▶ **To do**
Where a line of the records holds the string "가림막을", copy that line.

Data entries
--- START ---

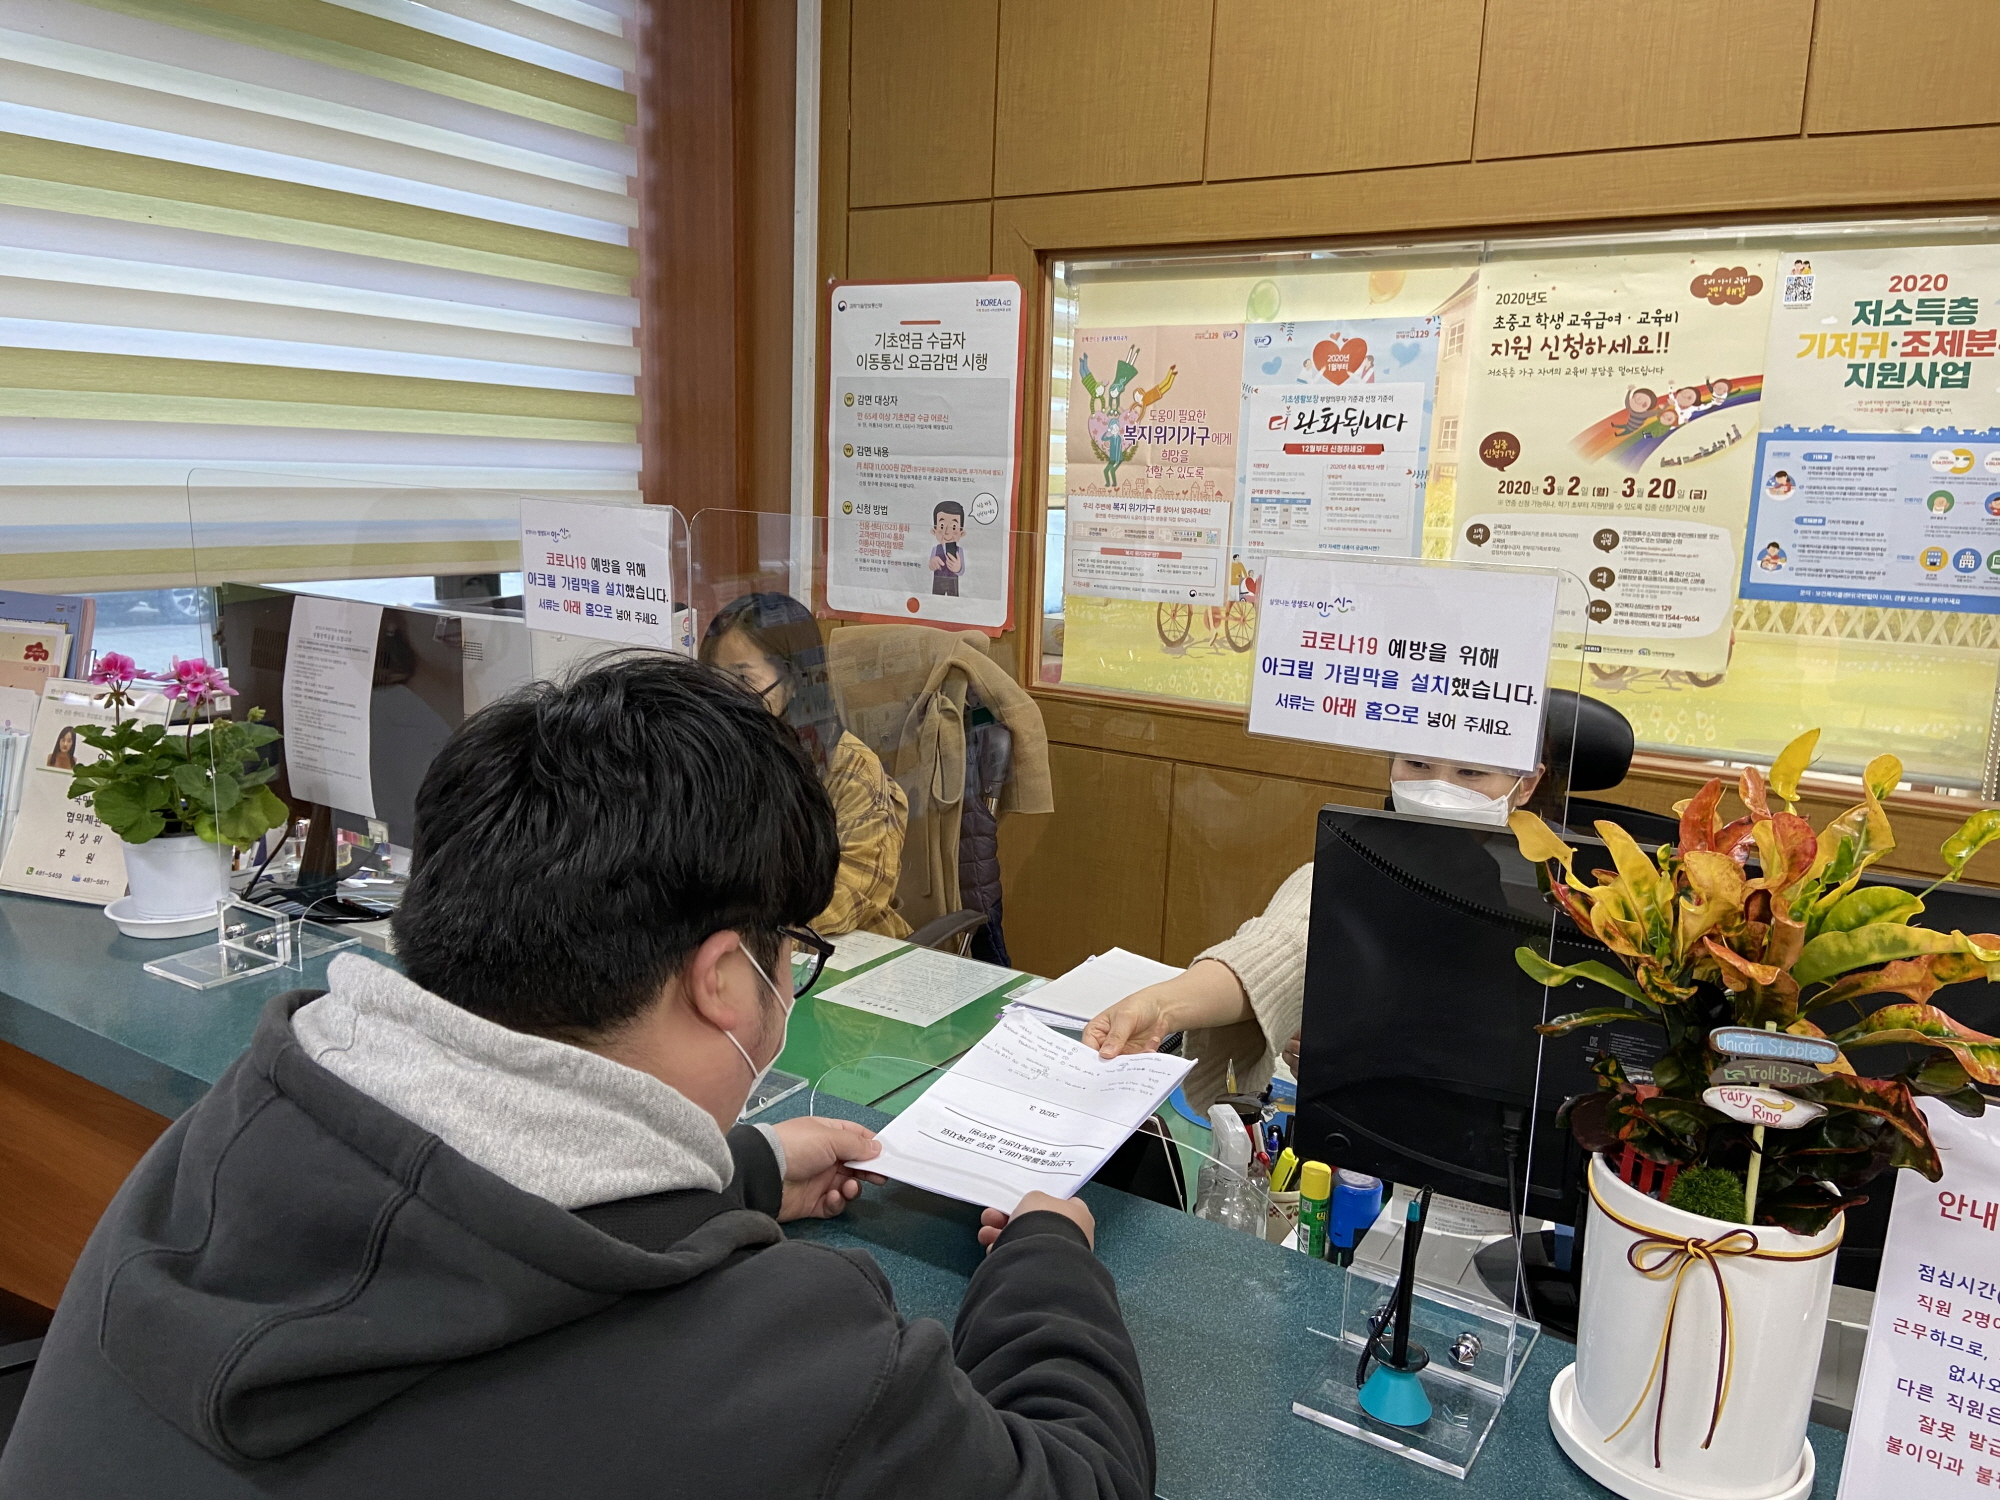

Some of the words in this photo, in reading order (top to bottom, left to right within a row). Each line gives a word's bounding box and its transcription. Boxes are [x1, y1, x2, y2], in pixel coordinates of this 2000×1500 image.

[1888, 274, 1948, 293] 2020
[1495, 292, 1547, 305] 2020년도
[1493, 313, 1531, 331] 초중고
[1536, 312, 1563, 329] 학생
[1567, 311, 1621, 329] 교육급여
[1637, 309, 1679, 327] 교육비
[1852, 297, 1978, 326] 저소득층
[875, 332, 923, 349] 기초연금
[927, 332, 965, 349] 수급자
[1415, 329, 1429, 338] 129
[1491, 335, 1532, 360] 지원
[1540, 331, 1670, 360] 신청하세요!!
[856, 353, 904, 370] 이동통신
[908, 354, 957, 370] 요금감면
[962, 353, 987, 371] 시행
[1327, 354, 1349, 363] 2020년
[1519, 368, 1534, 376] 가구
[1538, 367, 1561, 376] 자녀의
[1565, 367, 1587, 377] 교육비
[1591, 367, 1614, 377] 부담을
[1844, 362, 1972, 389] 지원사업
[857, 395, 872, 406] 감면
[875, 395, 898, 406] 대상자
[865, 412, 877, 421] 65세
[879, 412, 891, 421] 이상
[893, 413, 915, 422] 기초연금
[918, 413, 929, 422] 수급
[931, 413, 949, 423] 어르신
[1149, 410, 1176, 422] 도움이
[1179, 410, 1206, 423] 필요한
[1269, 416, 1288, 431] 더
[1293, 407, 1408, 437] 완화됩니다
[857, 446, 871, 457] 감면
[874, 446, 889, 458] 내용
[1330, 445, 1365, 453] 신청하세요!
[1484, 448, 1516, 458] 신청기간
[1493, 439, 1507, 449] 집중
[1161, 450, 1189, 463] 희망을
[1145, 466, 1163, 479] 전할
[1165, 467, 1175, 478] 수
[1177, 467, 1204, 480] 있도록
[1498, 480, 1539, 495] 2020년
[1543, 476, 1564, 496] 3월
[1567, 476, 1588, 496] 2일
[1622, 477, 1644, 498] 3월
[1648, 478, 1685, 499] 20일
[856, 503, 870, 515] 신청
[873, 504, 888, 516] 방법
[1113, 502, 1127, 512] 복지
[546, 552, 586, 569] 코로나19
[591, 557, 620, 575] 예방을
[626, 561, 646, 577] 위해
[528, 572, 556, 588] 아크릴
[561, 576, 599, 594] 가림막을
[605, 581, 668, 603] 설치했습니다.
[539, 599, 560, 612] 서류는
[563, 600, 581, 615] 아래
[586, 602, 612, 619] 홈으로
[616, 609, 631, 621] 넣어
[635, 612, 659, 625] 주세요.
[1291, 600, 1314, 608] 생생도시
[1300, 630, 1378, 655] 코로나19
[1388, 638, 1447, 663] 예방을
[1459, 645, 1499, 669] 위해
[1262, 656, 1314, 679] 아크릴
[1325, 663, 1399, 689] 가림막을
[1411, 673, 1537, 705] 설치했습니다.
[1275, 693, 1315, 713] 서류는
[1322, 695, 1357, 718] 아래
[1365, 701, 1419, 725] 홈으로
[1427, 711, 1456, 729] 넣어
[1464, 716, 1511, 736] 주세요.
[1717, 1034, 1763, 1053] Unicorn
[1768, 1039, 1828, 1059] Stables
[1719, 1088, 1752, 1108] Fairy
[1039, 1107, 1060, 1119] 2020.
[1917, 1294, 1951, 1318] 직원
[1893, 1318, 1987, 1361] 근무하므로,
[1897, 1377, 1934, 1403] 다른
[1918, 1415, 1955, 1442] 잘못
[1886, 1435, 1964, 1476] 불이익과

--- END ---

▶ **Written response**
[561, 576, 599, 594] 가림막을
[1325, 663, 1399, 689] 가림막을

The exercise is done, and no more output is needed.